How do scholarships not run out of money?

1.44K viewsEconomicsOther

There are scholarships at my University that have been around for a few decades. Do people top them up constantly?

In: Economics

21 Answers

Anonymous 0 Comments

Most scholarship funds are set up as endowments. A donor gives a bunch of money to a school who then gives it to a fund manager to invest in financial instruments like the stock market. When those investments generate profits, it’s those profits that are then used to fund scholarships for students. This way the initial donation could fund scholarships in perpetuity, in theory.

Anonymous 0 Comments

Two ways:

They are topped up, either from private donations or government grants.

There is a large endowment that generates investment income every year – the income is given away but the principle of the endowment is untouched

Anonymous 0 Comments

The funding mechanism can vary. Sometimes it is funded by a foundation or alum donating money every year. Sometimes it is funded by a very large donation that can be used to invest in bonds, stocks, real estate etc. which provide recurring revenue in the form of interest, dividends, appreciation of value and so on.

Anonymous 0 Comments

Scholarships are typically based on an endowment. This is a large amount of money that is invested, and the returns from the investment are used to pay for a recurring expense like a scholarship. So for example, if you wanted to endow a scholarship worth $30,000 per year, you could donate a $1 million endowment, which would get a yearly return in the stock market of 3% (at least) on average, and you would use that 3% of $1 million to pay for the scholarship.

This is the main way that places like universities budget for any recurring expense.

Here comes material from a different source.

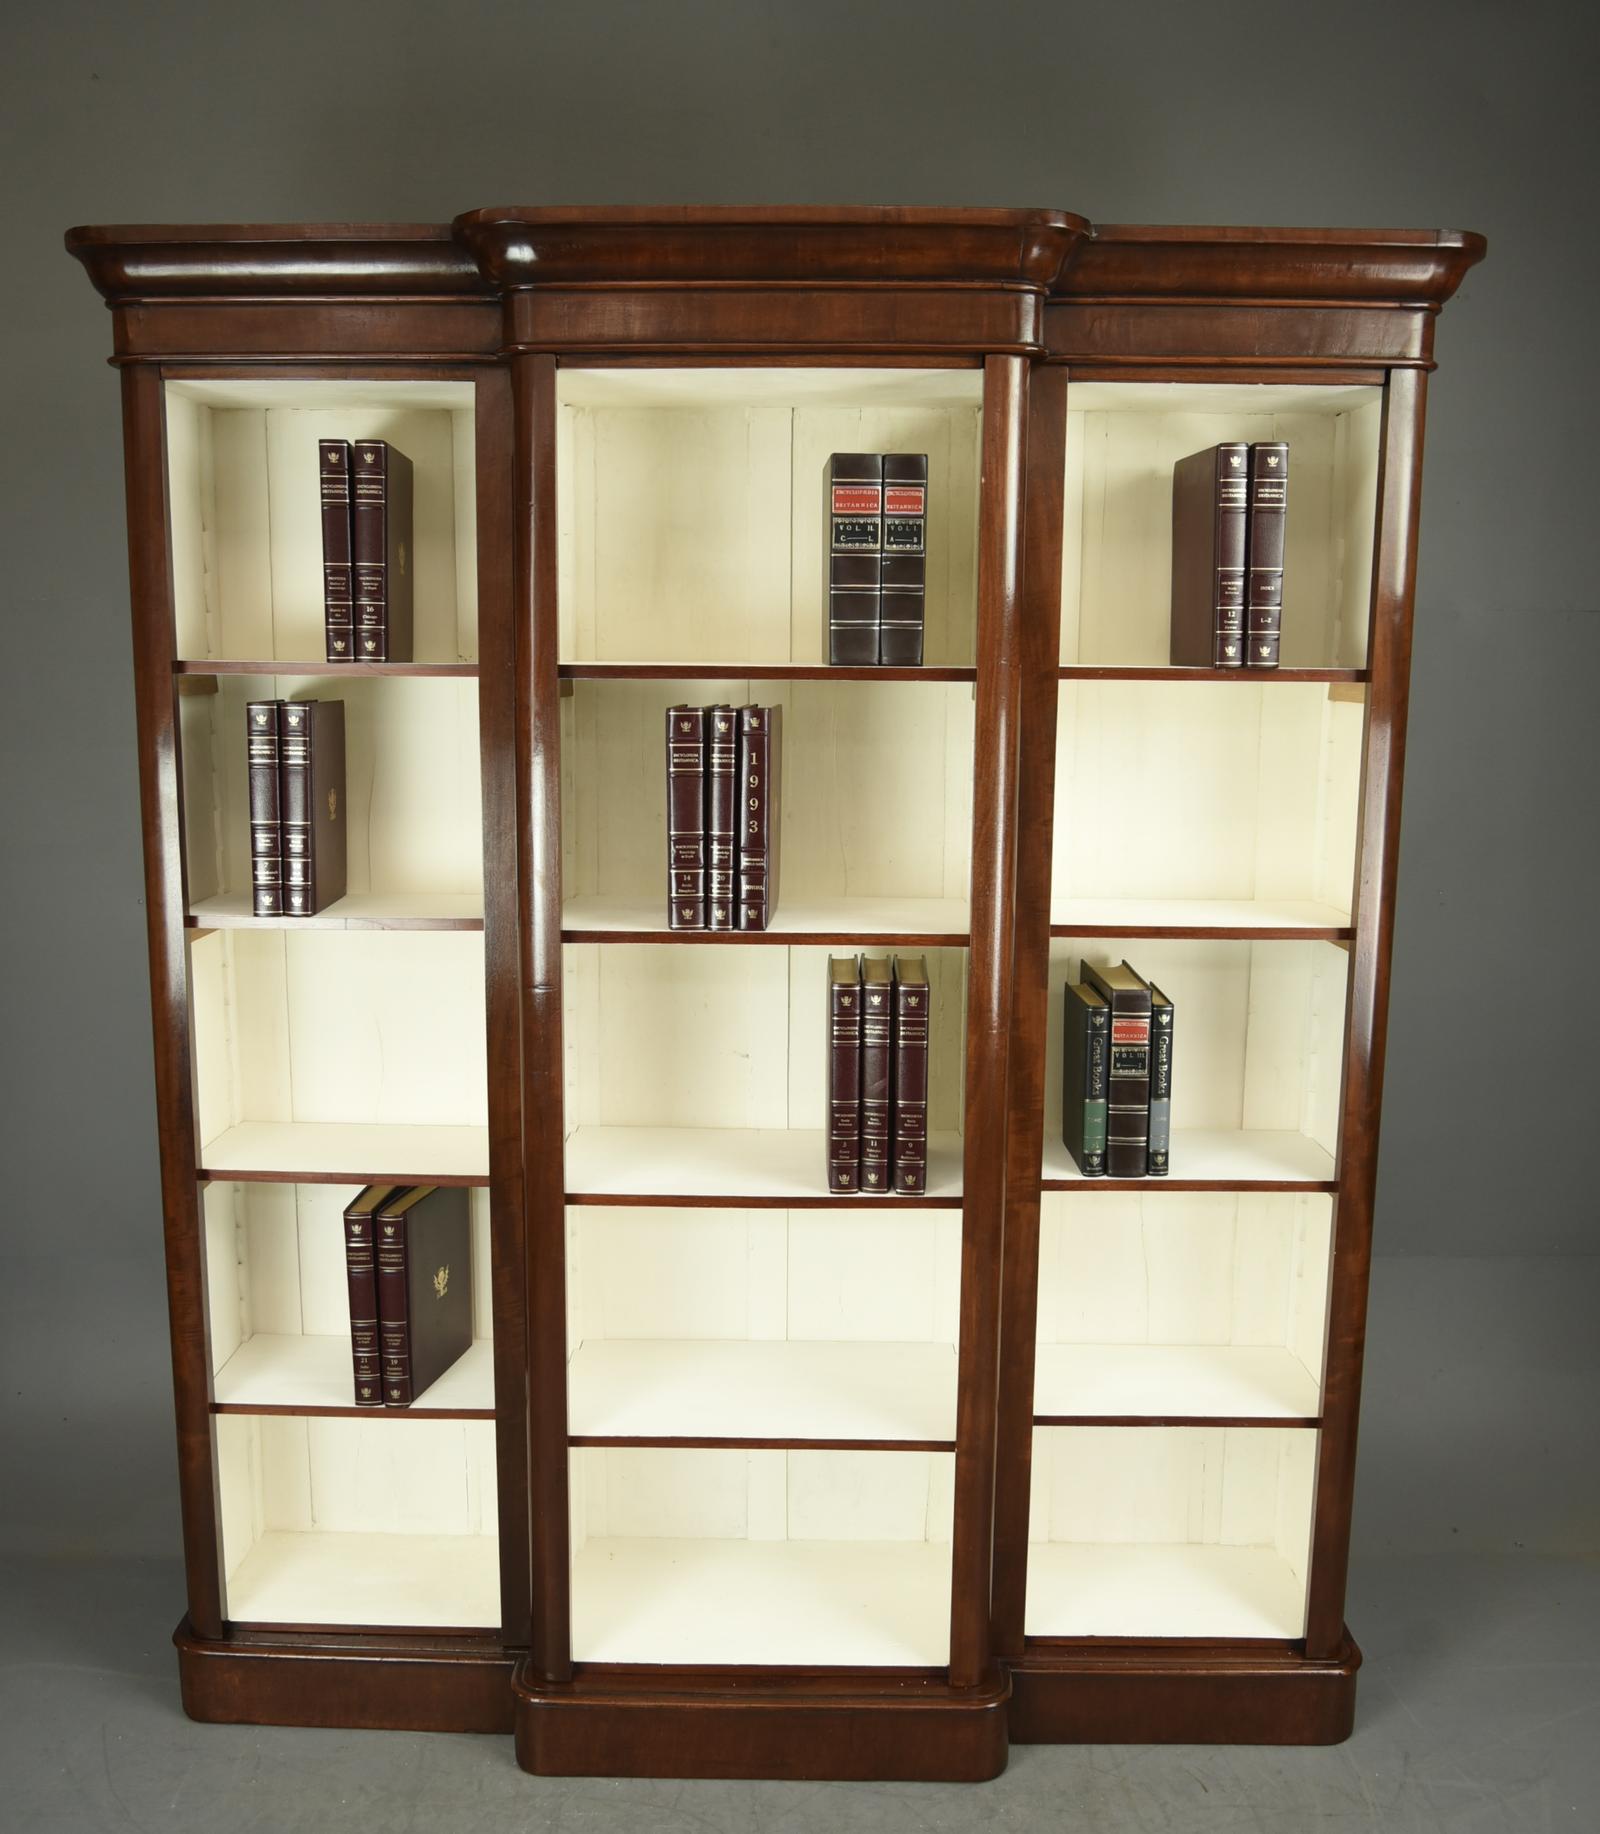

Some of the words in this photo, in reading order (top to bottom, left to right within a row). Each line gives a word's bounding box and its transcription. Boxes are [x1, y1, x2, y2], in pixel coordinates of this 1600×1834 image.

That’s why they have such large endowments and why they are willing to give professors such strong job security.

Anonymous 0 Comments

Some get topped up, some are so big that they can run on their interest…

…and some do have a limited lifetime. A donor’s estate might give you $20,000 and ask you to give it out, and so you use one or two thousand a year until it’s all gone. (Source: My wife worked in a school’s fundraising department.)

Anonymous 0 Comments

Usually they have endowments and use the interest only to fund the scholarships, or only dip into principal to a level that market increases will replace.

So a $1m endowment might kick off $50k per year in interest payments, which allow for $50k worth of scholarships granted annually.

Anonymous 0 Comments

In my corner of the world at least, there are some scholarships granted by government entities (e. g. for low income students or mobility scholarship programmes). In that case, the money comes from taxes, meaning when the administration decides their budget plan (usually right after an election), they agree to set aside x% of tax income for education, and y% of that sum is dedicated to the scholarship fund (and z% to faculty salaries etc. pp.). That amount might be adjusted for inflation at some point, and it usually gets renegotiated when the government changes.

Others have explained how private scholarships work.

Anonymous 0 Comments

You don’t touch the principle. The scholarship is paid with the interest on the financial investment. If the scholarship is $500 a year, the principle is likely $10,000 or more.

Anonymous 0 Comments

Typically these scholarships are not all given out of the same principal amount. The donated amount, called an endowment, is usually invested and actively managed in a way that generates more money, and this money is given out for the scholarships. The bigger the endowment, the easier it is to make money off of it in a relatively safe and consistent manner, which allows for long term stability. It may also be grown and expanded through donations or as a natural consequence of investing, since long term investments can easily grow to a much larger size over time.

Anonymous 0 Comments

Your endowed professor doesn’t merely have an impressive chest, her salary is paid from the earnings of an account that was established to pay her salary.

For instance if you wanted to endow a chair at your local university you could cough up $4,000,000 and donate it to the university’s foundation. They’ll invest the money and pay back to the university (these days) 4% to whatever your donation agreement indicated. As long as your donation was intended to fund a professorship, you are providing $160,000 in perpetuity toward the salary for the professor who was endowed by your gift.

The same works for student scholarships.